Life has taught me a lot, I’ve learnt and I’m still learning. Everyday comes with a lesson. My life itself is a lesson. I’ve been to so many places! I’ve seen a lot of faces! Fortune has smiled on me. It’s a great pleasure to write you that, I’m not the girl you’ve known me to be. I’m happy about the woman I’m becoming, extremely far above rubies. I’m not intimidating you. Urrgh! Don’t get me wrong. I’m just enumerating some of the benefits I’ve derived since I left you for Canaan. I’m happy to tell you, my eye is getting better, though it’s not the way God created it, but it’s still not the way it was then.
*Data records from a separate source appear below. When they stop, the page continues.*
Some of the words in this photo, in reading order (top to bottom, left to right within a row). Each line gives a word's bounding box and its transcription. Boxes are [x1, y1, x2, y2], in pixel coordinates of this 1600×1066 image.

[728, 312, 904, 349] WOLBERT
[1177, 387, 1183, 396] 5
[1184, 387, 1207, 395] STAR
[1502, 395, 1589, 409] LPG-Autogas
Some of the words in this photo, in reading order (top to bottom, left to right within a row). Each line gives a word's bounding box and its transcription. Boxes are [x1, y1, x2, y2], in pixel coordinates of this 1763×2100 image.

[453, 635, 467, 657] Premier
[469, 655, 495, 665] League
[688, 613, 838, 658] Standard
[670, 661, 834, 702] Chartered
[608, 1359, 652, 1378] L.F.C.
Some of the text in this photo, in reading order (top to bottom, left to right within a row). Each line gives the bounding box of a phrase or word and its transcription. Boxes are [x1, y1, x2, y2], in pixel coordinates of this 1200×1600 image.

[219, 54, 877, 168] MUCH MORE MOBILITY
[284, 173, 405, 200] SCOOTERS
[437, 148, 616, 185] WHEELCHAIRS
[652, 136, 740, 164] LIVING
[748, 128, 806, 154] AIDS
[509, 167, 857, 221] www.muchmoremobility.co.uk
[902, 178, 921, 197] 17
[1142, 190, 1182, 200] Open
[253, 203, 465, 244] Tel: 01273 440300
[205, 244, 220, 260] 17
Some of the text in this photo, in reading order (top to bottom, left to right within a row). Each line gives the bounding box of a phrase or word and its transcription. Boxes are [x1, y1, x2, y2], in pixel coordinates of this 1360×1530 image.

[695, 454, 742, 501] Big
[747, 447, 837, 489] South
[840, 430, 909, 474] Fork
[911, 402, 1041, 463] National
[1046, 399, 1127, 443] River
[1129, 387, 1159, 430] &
The Lord has worked on my sight, and I believe he is still working. I have a great assurance that I will make it. I have this confirmation within me that I’m going places. If the stroke of fortune would have it’s way, I’d love to tell you more when next I write. Tell your friends I’m still scaling the hurdles. Tell your peers I’m still clearing the obstacles. Tell them I’ve not gotten to Canaan. Tell them the battle is not yet over. Tell them I’ve not attain my desired heights. But tell them I’m not the Eunice they knew then. Send my love to the remaining younger self in the fold. Finally, all along my pilgrim journey, I want to walk with HIM. I look forward to writing to you soon when I badge more achievements.
Your older self, Oladokun Eunice.
Oladokun Eunice is that young teen that thinks big. She was not christened Grace, but she is an embodiment of Grace. She found Grace in all ramifications, Grace availed for her, Grace kept her, what have you. She’s an ardent Christian. She’s a prospective Chartered Accountant. She’s a prolific writer. She’s a poetess. She’s a reader. She’s a speaker. Also a student. She believes the pen can change the world.